Figure 7. Deletion of miR-K3 from the KSHV genome reactivates KSHV lytic replication but inhibits angiogenesis.

A. Matrigel assay analysis of microtubule formation was performed in EA.hy926 cells, which were incubated with the supernatants from stable iSLK-BAC16 (KSHV_WT) or BAC16ΔmiR-K3 (miR-K3_Mut) cells, as described in the ‘Materials and Methods’ section. The photographs of microtubules were taken at 8 and 16 h post-seeding (original magnification, × 100). B. Quantification of results in (A). Data represented mean ± SD. ***P < 0.001 for Student's t-test. C. The mRNA expression levels of KSHV ORF59, ORF-K9 and RTA in HUVECs infected with BAC16 KSHV wild type virus (KSHV_WT) or BAC16 miR-K3 deletion mutant virus (miR-K3_Mut) were detected by RT-qPCR. *P < 0.05 and ** P < 0.01 for Student's t-test.
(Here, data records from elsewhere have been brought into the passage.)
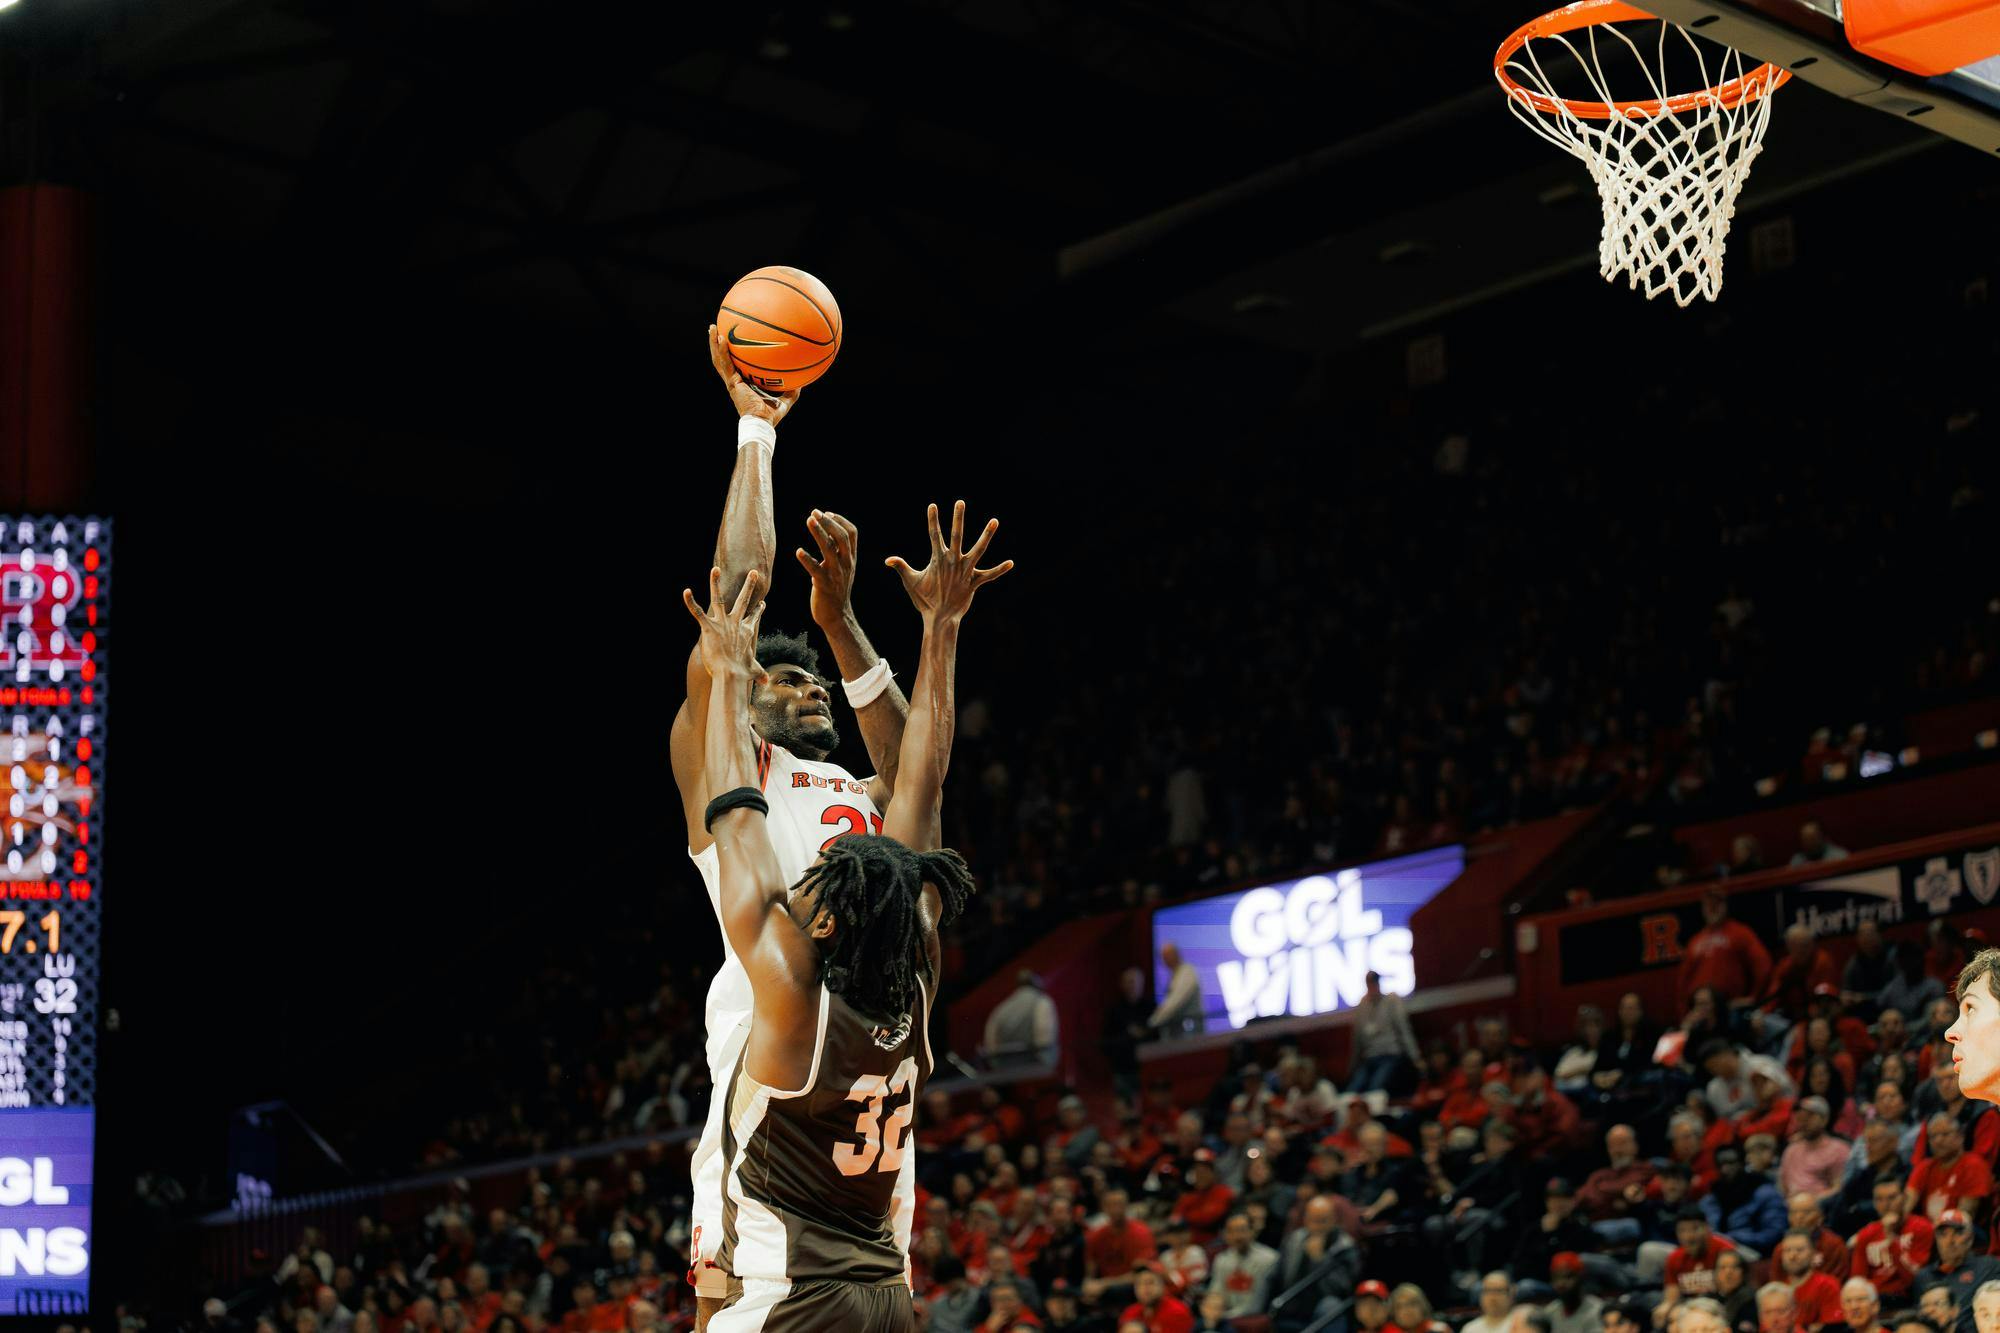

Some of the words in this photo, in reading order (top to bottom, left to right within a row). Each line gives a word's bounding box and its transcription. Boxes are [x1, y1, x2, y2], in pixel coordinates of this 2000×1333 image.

[51, 523, 68, 544] A
[85, 522, 99, 544] F
[46, 715, 63, 737] A
[81, 715, 94, 736] F
[792, 772, 869, 794] RUTG
[1640, 913, 1684, 965] R
[45, 953, 76, 977] LU
[1216, 928, 1416, 1029] WINS
[33, 977, 78, 1014] 32
[832, 1056, 918, 1177] 32
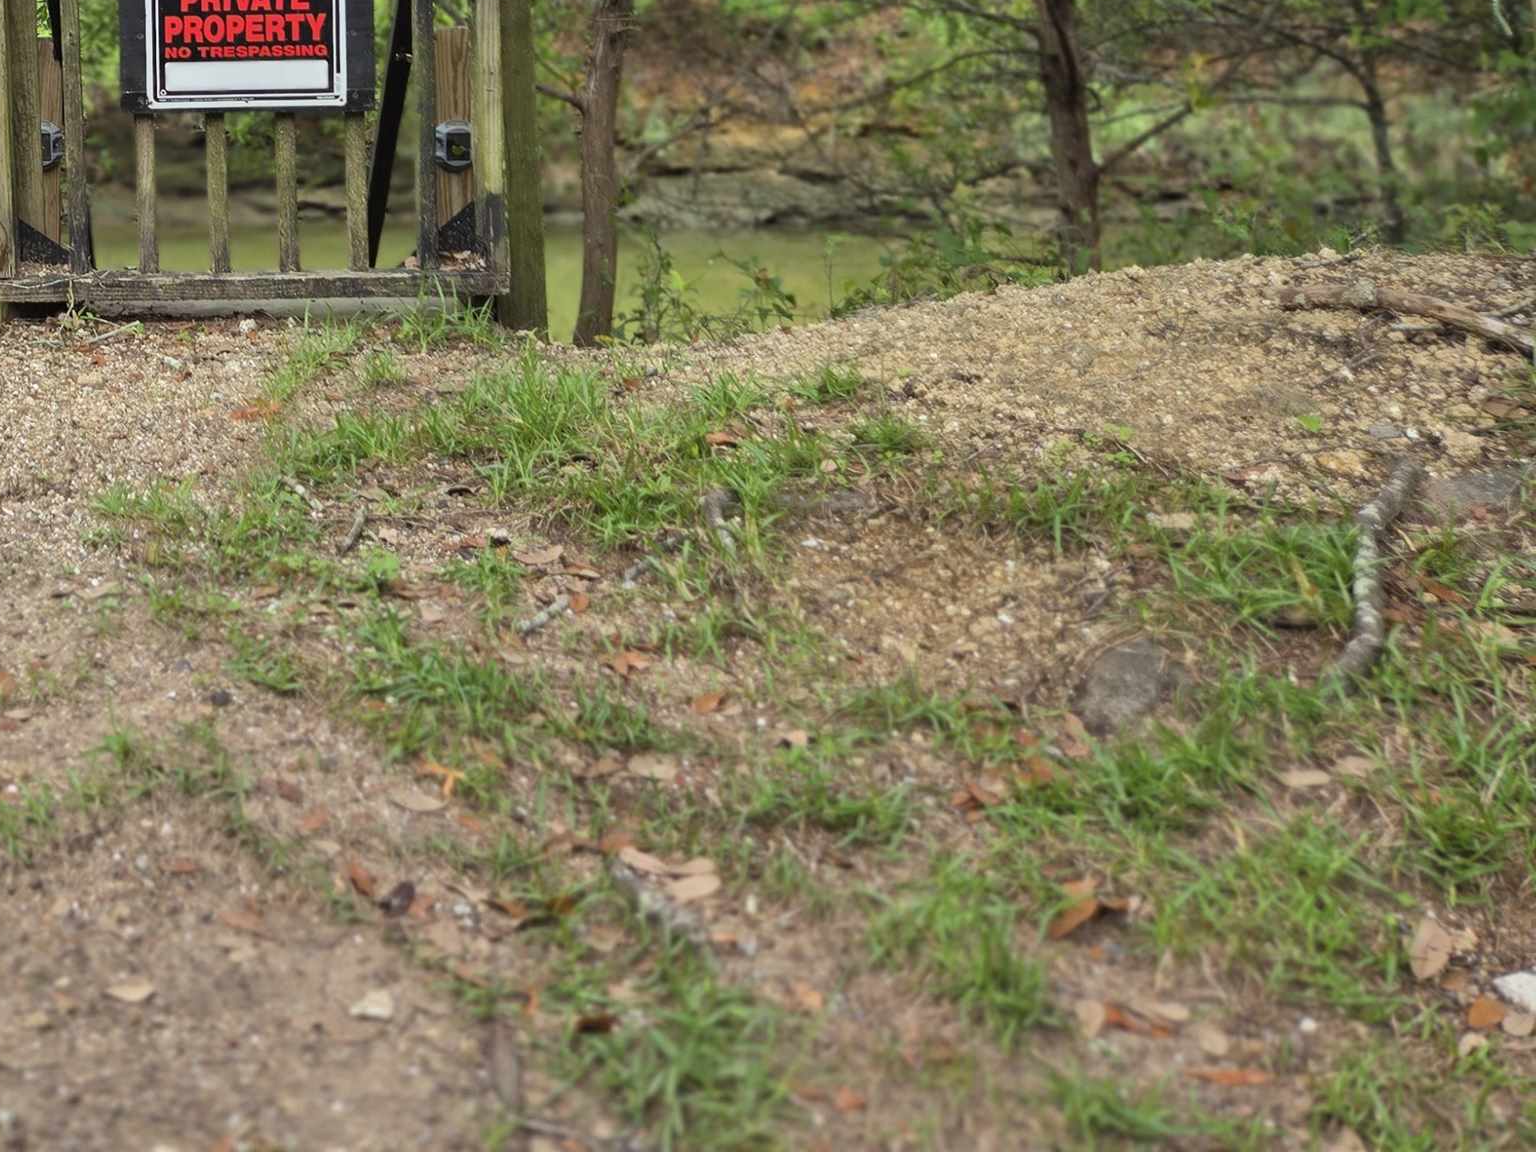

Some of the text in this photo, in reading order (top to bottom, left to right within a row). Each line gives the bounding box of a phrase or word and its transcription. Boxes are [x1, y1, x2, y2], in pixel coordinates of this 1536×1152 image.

[164, 13, 327, 43] PROPERTY
[164, 44, 328, 59] NO TRESPASSING
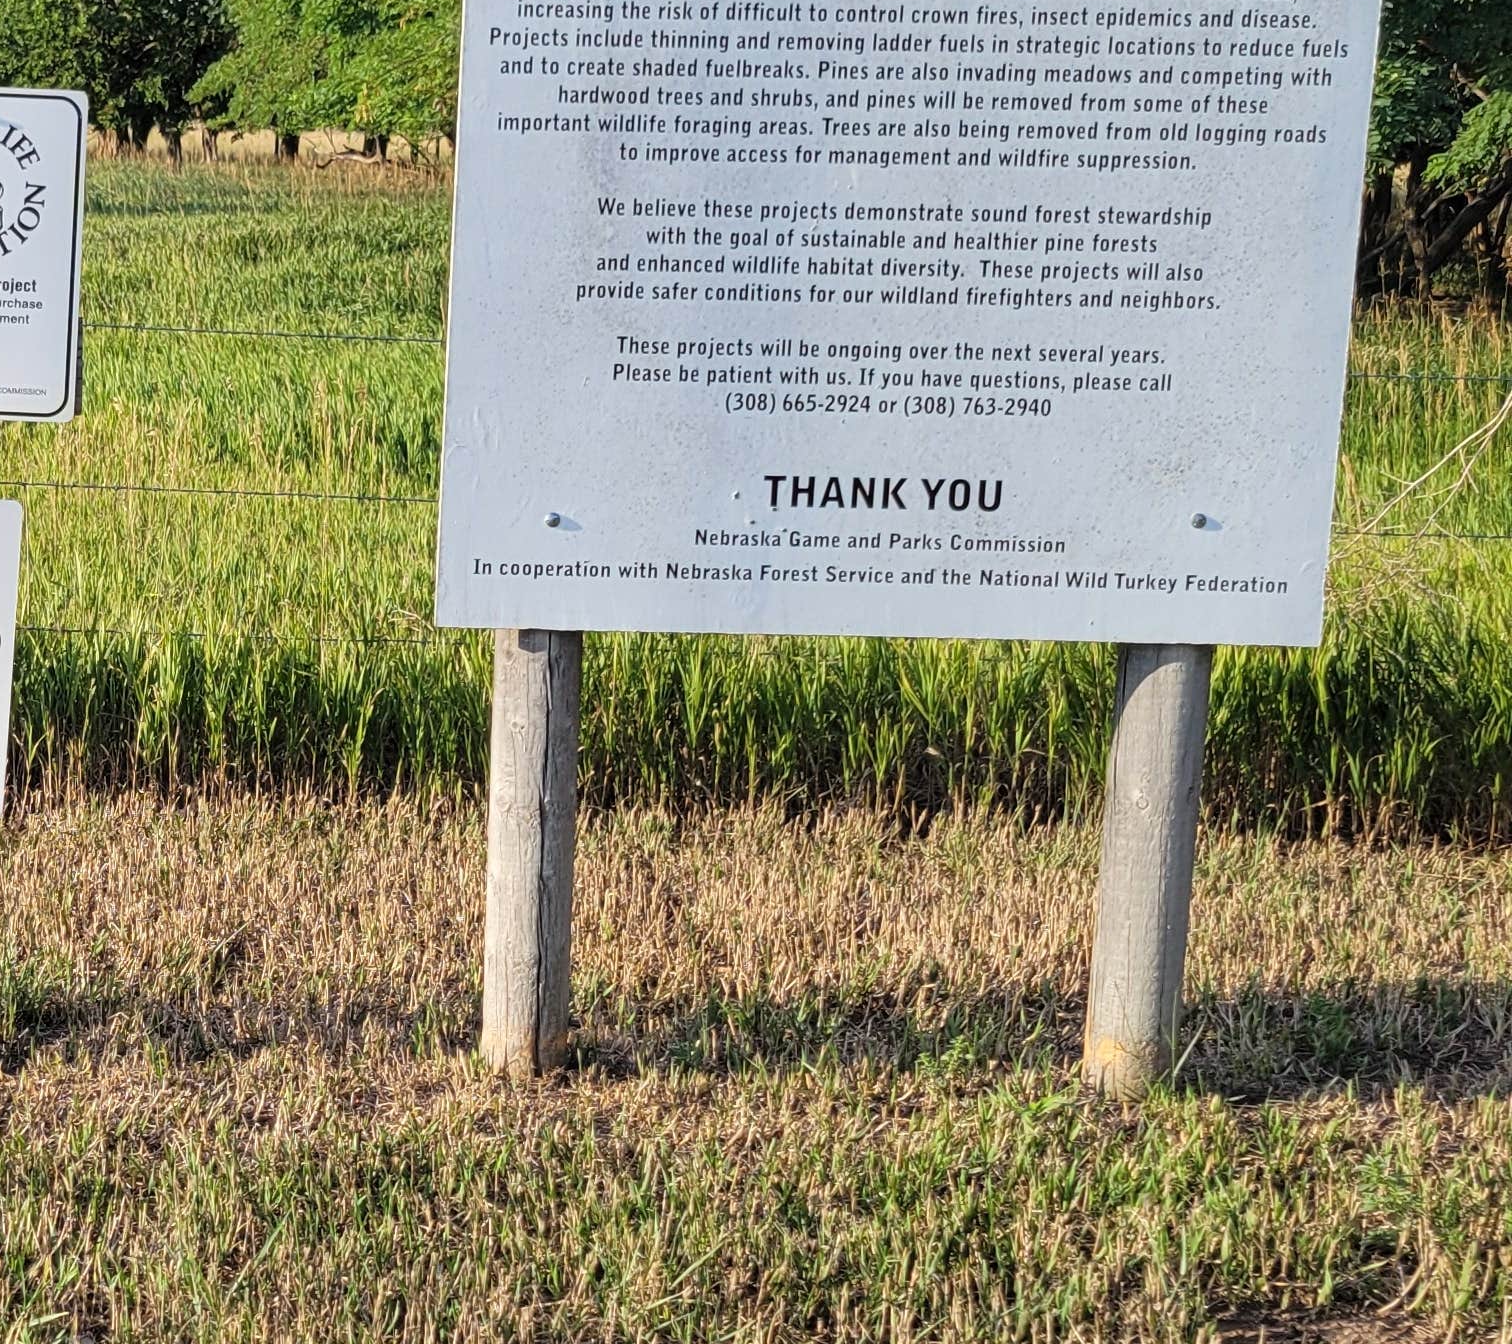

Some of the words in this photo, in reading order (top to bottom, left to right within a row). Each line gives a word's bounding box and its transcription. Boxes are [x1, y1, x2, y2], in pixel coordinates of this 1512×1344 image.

[597, 197, 625, 216] We
[632, 197, 696, 218] believe
[703, 199, 753, 219] these
[760, 200, 837, 223] projects
[844, 201, 963, 222] demonstrate
[971, 204, 1028, 223] sound
[1035, 204, 1091, 224] forest
[1098, 206, 1212, 230] stewardship
[725, 392, 776, 415] (308)
[782, 393, 871, 413] 665-2924
[878, 399, 898, 414] or
[903, 395, 955, 418] (308)
[962, 397, 1052, 417] 763-2940
[763, 475, 908, 512] THANK
[921, 478, 1003, 512] YOU
[695, 529, 782, 549] Nebraska
[788, 530, 842, 549] Game
[847, 532, 883, 550] and
[889, 532, 943, 552] Parks
[950, 533, 1067, 554] Commission
[473, 558, 492, 575] In
[499, 560, 611, 580] cooperation
[618, 561, 658, 579] with
[666, 562, 753, 581] Nebraska
[759, 564, 818, 582] Forest
[825, 565, 894, 584] Service
[900, 568, 937, 585] and
[941, 568, 971, 586] the
[979, 569, 1060, 588] National
[1065, 571, 1108, 589] Wild
[1114, 572, 1178, 594] Turkey
[1185, 574, 1288, 594] Federation
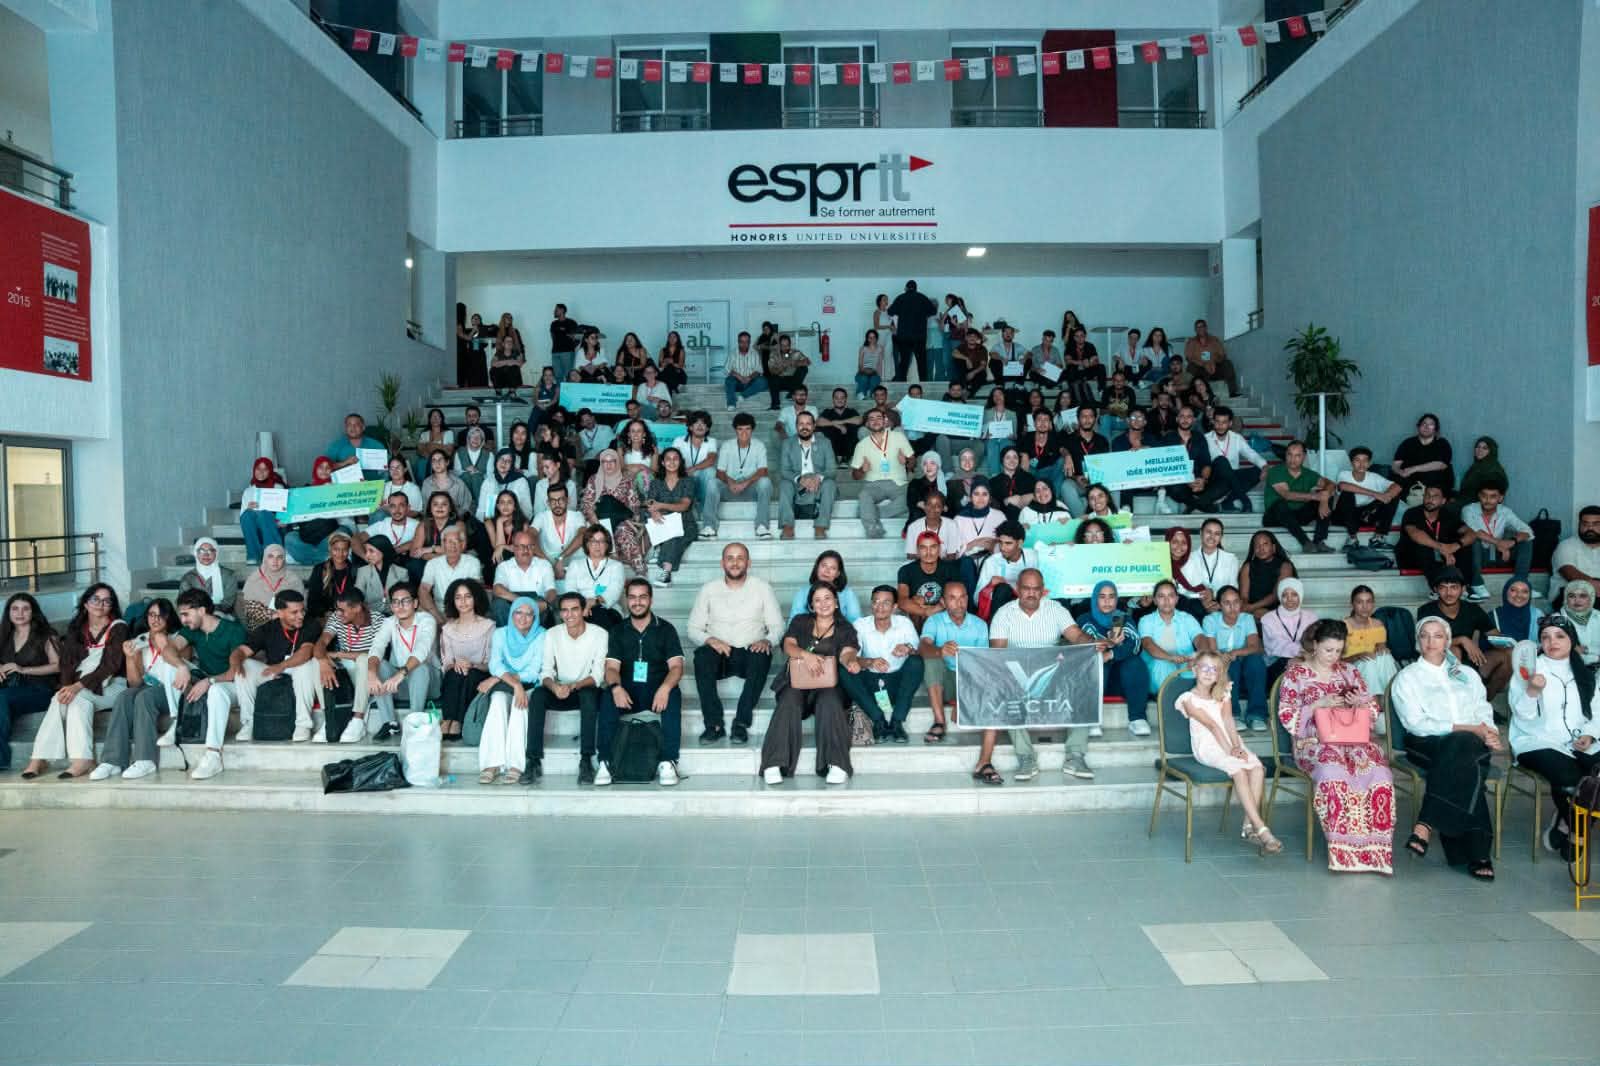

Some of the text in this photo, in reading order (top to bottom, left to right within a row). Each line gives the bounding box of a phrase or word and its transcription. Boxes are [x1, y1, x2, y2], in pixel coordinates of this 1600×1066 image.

D. Western blotting analysis of GRK2, CXCR2, phosphorylated AKT and RTA proteins in HUVECs transduced with lentivirus-miR-K3 (miR-K3), lentivirus-mediated shGRK2 (shGRK2) or their respective control (mpCDH) after infection with BAC16 KSHV miR-K3 deletion mutant virus. E. The mRNA expression levels of ORF57, ORF26, ORF-K9 and RTA in HUVEC treated as in (D; left panel) were determined by RT-qPCR. *P < 0.05, **P < 0.01 and ***P < 0.001 for Student's t-test. F. The mRNA expression levels of ORF21, ORF57, ORF26, ORF59, ORF-K9 and RTA in HUVEC treated as in (D; right panel) were determined by RT-qPCR. *P < 0.05, **P < 0.01 and ***P < 0.001 for Student's t-test.